Ross continued, “Today we announced that Geoffrey McDonough, M.D., is stepping down from the Surface board of directors effective immediately. Geoff joined our board in February of 2018, and we thank him for the significant contributions he made during his tenure. While we will miss his leadership and counsel, the board remains vibrant and was further strengthened with the addition of Ben Hickey and the appointment of Denice Torres as board chair late last year.”
Fourth Quarter and Subsequent Corporate Highlights:
In December 2021, Surface announced that the U.S. Food and Drug Administration (FDA) had cleared the Investigational New Drug (IND) application for GSK4381562 (formerly SRF813) to proceed into a first-in-human clinical trial. GSK4381562 is a fully human IgG1 antibody targeting PVRIG (also known as CD112R), an inhibitory protein expressed on natural killer cells (NK cells) and T cells. Surface will receive a $30 million milestone payment in conjunction with the initiation of the first Phase 1 study for GSK4381562 and is eligible to receive an additional $700 million in future milestone payments, as well as be eligible to receive tiered royalties on global net sales.In December 2021, Surface presented results from a first-in-human dose-escalation study of SRF617 at the European Society for Medical Oncology Immuno-Oncology Congress (ESMO-IO) 2021. These results demonstrated good tolerability, clear evidence of target engagement and pathway inhibition and early but promising signs of activity in combination with chemotherapy and pembrolizumab.In November 2021, Surface presented scientific posters at the Society for Immunotherapy of Cancer (SITC) 2021 Annual Meeting, highlighting SRF617’s potent CD39 inhibition and its effect on promoting pro-inflammatory therapeutic activity in preclinical models.

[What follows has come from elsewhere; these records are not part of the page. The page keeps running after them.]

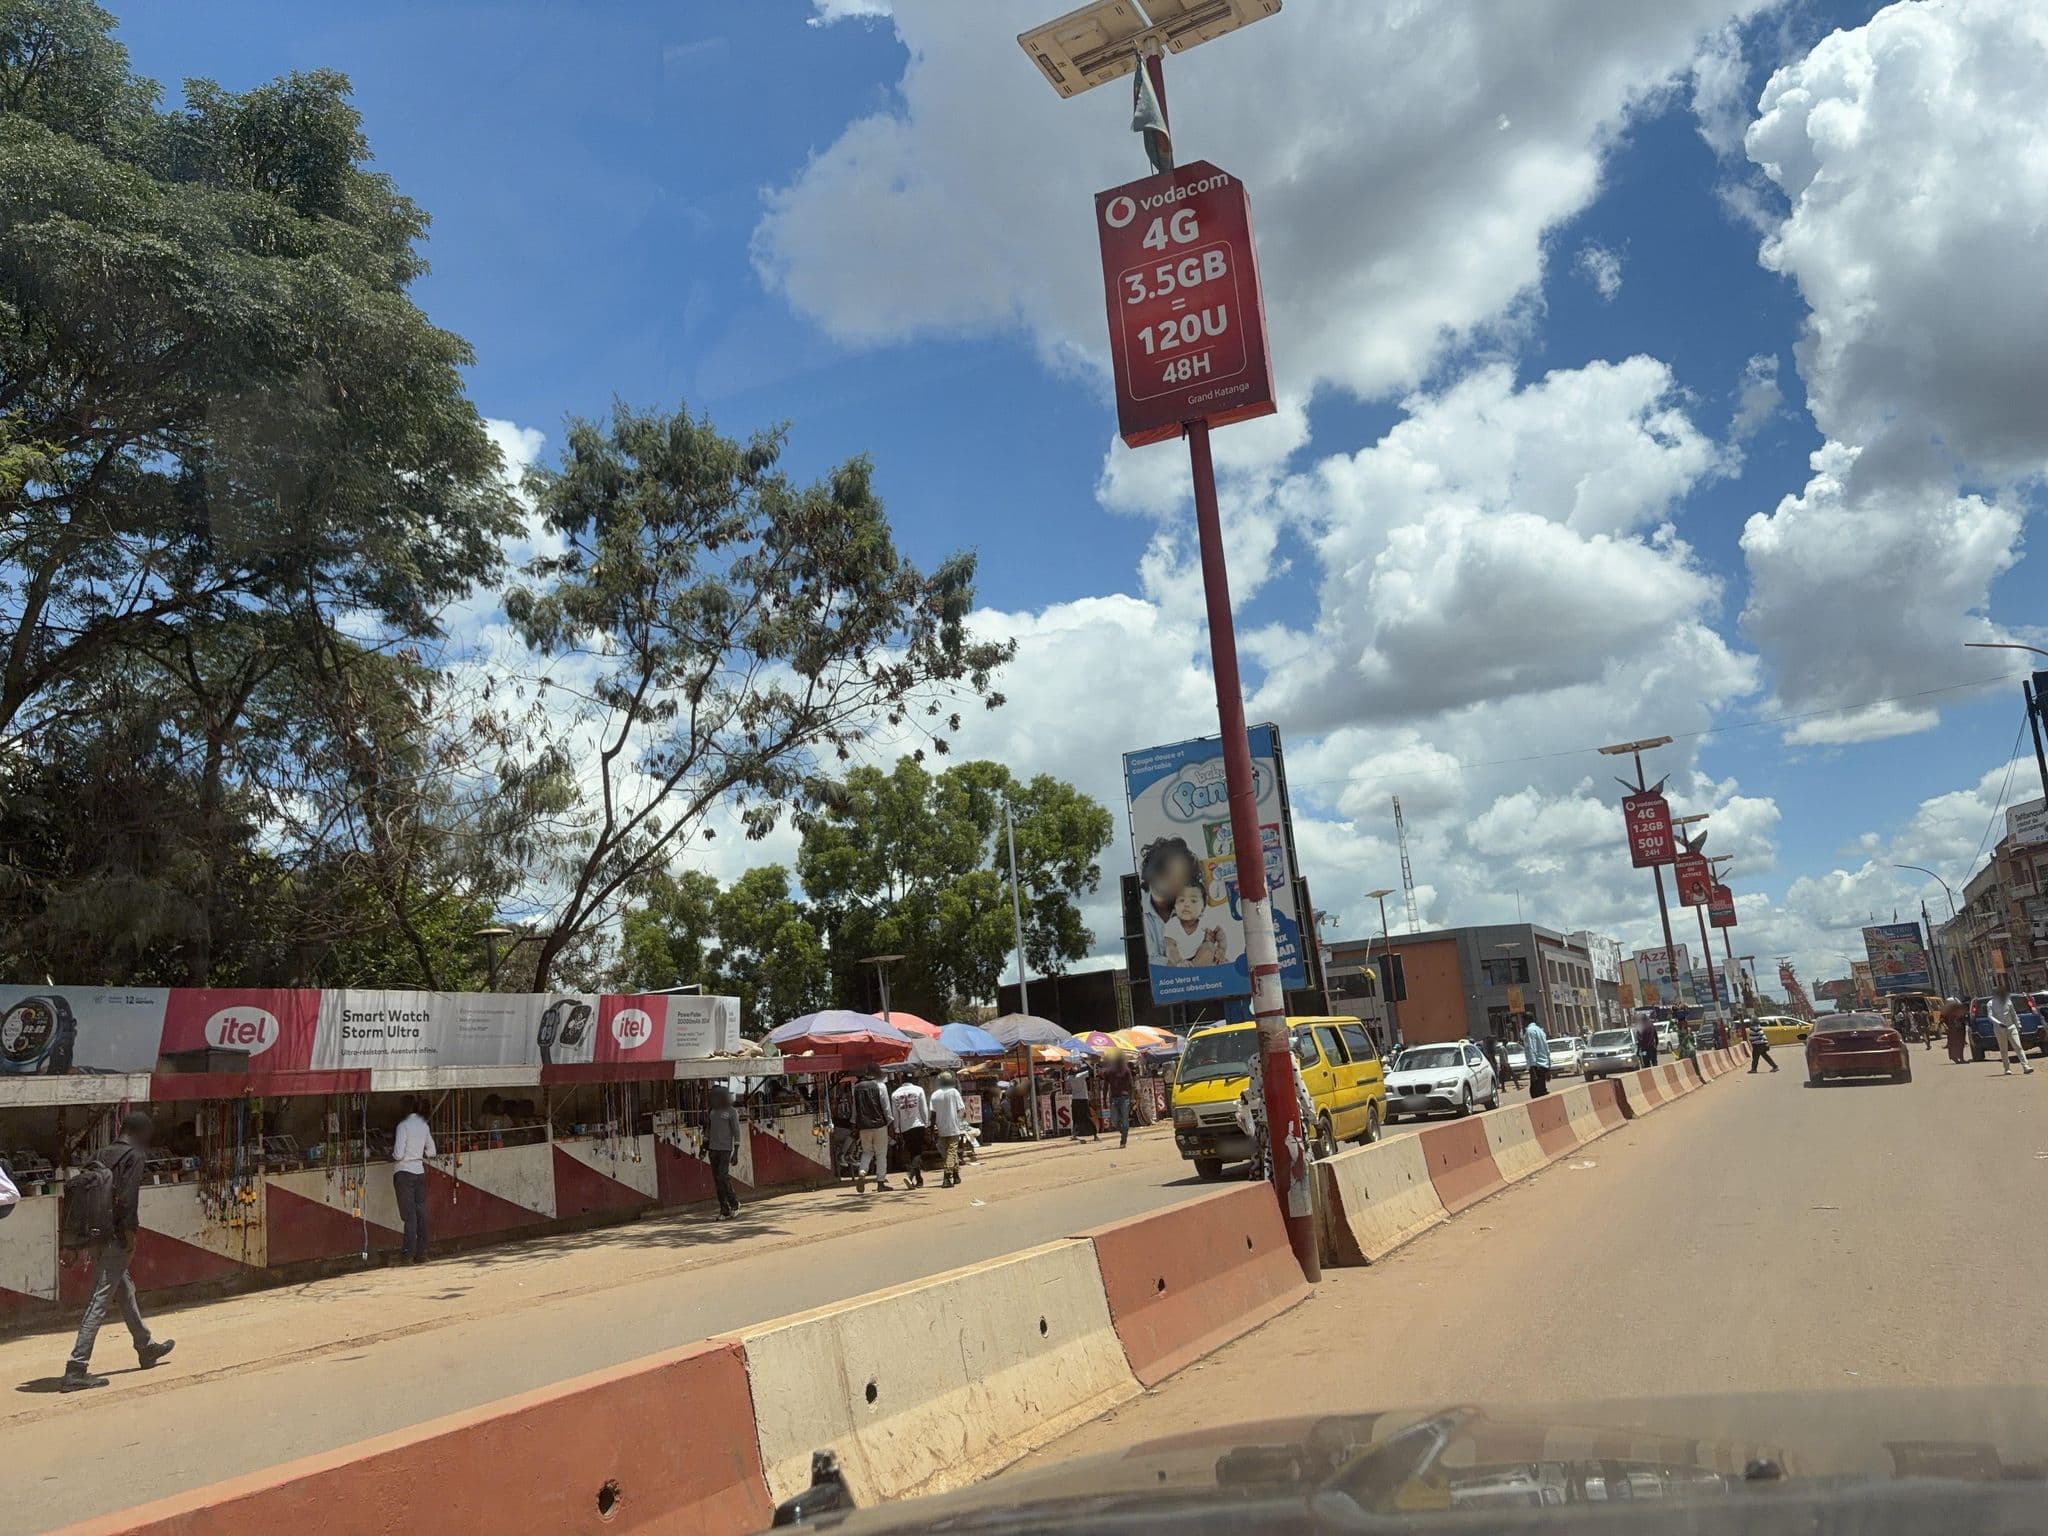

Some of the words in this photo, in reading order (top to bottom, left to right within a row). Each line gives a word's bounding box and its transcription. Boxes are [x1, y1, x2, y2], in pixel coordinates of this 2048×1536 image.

[1140, 173, 1229, 211] vodacom
[1142, 208, 1200, 251] 4G
[1125, 250, 1228, 305] 3.5GB
[1137, 304, 1228, 356] 120U
[1162, 352, 1211, 384] 48H
[1187, 391, 1213, 405] Grand
[1214, 382, 1250, 397] Katanga
[1637, 807, 1655, 819] 4G
[1632, 821, 1664, 833] 1.2GB
[1638, 836, 1664, 849] 50U
[1644, 848, 1660, 857] 24H
[342, 1009, 385, 1023] Smart
[388, 1009, 430, 1023] Watch
[619, 1016, 645, 1038] itel
[219, 1017, 266, 1046] itel
[341, 1025, 384, 1039] Storm
[387, 1024, 420, 1038] Ultra
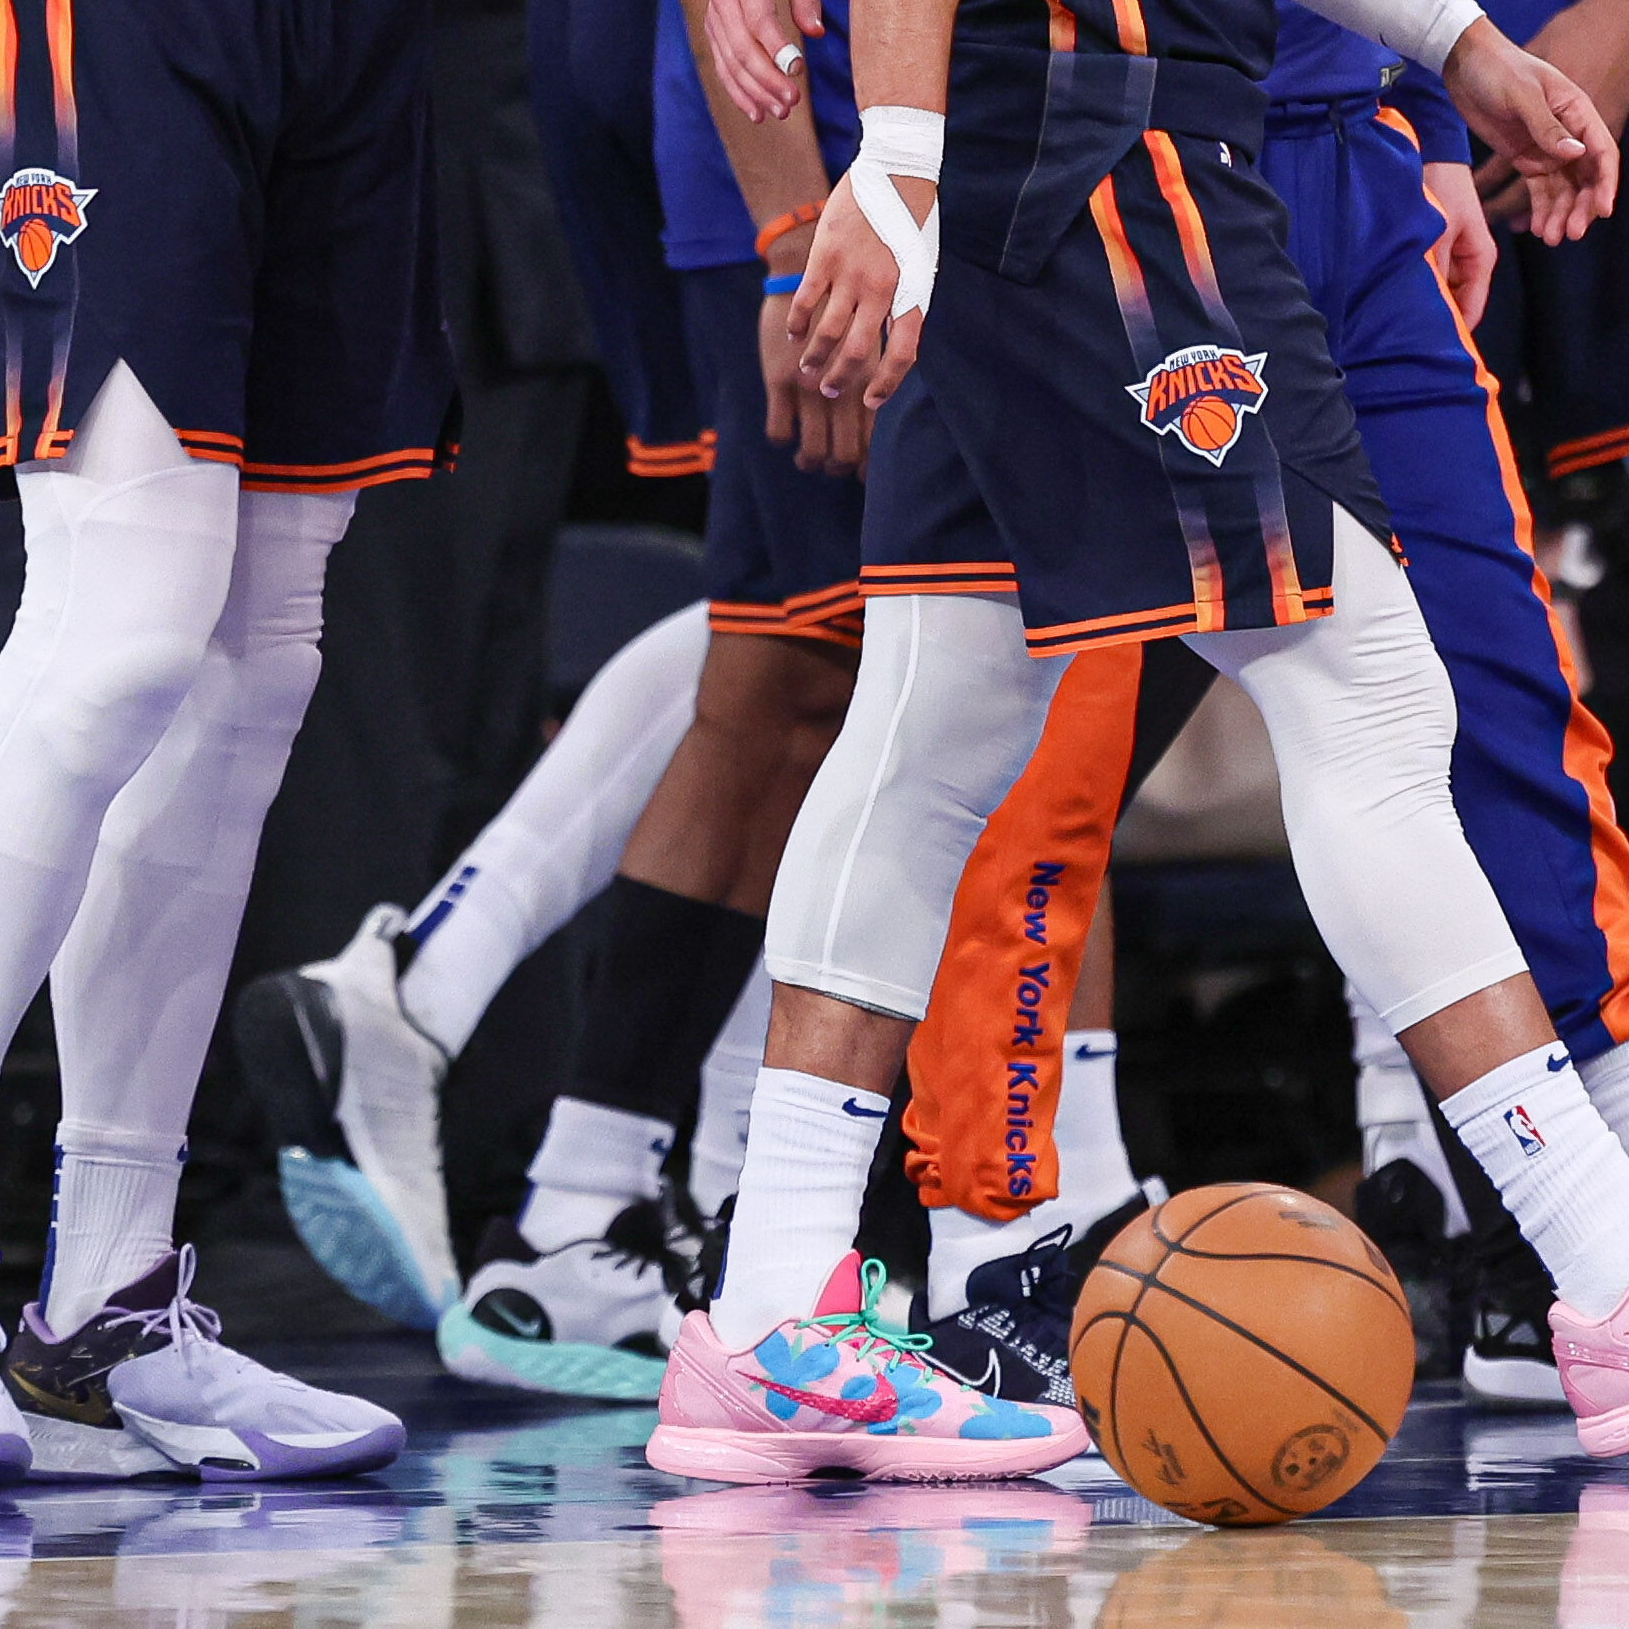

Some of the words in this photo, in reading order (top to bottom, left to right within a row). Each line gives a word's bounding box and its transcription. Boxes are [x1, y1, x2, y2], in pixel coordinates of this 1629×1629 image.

[1, 182, 82, 231] KNICKS
[1146, 354, 1264, 422] KNICKS
[1170, 353, 1190, 371] NEW
[1191, 349, 1219, 363] YORK
[1024, 861, 1066, 945] New
[1011, 962, 1051, 1048] York
[1004, 1061, 1039, 1199] Knicks
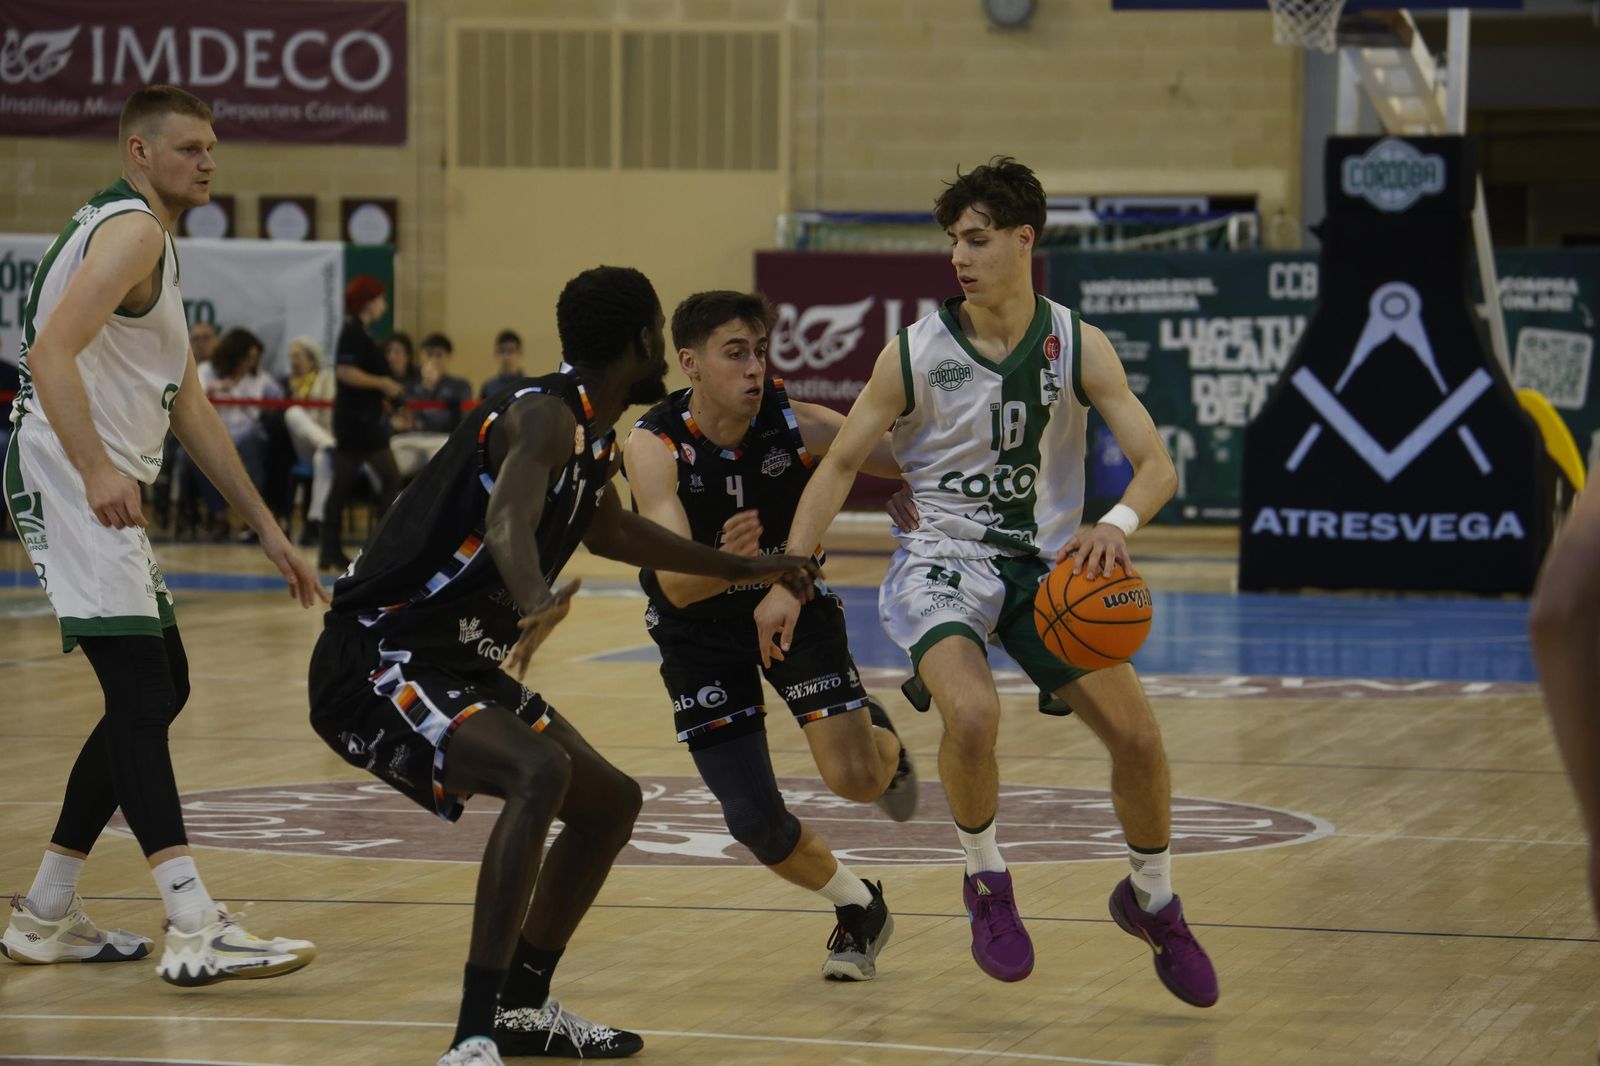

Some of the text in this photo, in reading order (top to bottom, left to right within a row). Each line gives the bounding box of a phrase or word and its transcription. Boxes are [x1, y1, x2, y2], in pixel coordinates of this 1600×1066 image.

Additionally, the company presented translational data on IL-27 expression by macrophages in the tumor microenvironment from patients with therapy-resistant non-small-cell lung cancer, supporting continued development of SRF388.
On March 1, 2022, the company granted non-qualified stock options to two new employees to purchase an aggregate of 98,000 shares of the company’s common stock with a per share exercise price of $3.64. The option grants, made under Surface’s 2021 Inducement Plan (the Plan), were granted as an inducement material to the employees entering into employment with the company in accordance with Nasdaq Listing Rule 5635(c)(4) and were granted pursuant to the terms of the Plan.
Selected Anticipated Near-term Corporate Milestones:
Surface will present new translational data on SRF388 at the American Association for Cancer Research (AACR) Annual Meeting in April 2022. In addition, the company anticipates presenting updated clinical data from SRF388 in the second quarter of 2022.Clinical data update for SRF617 is expected in the second half of 2022.
As of December 31, 2021, cash, cash equivalents and marketable securities were $154.1 million, compared to $175.1 million on December 31, 2020.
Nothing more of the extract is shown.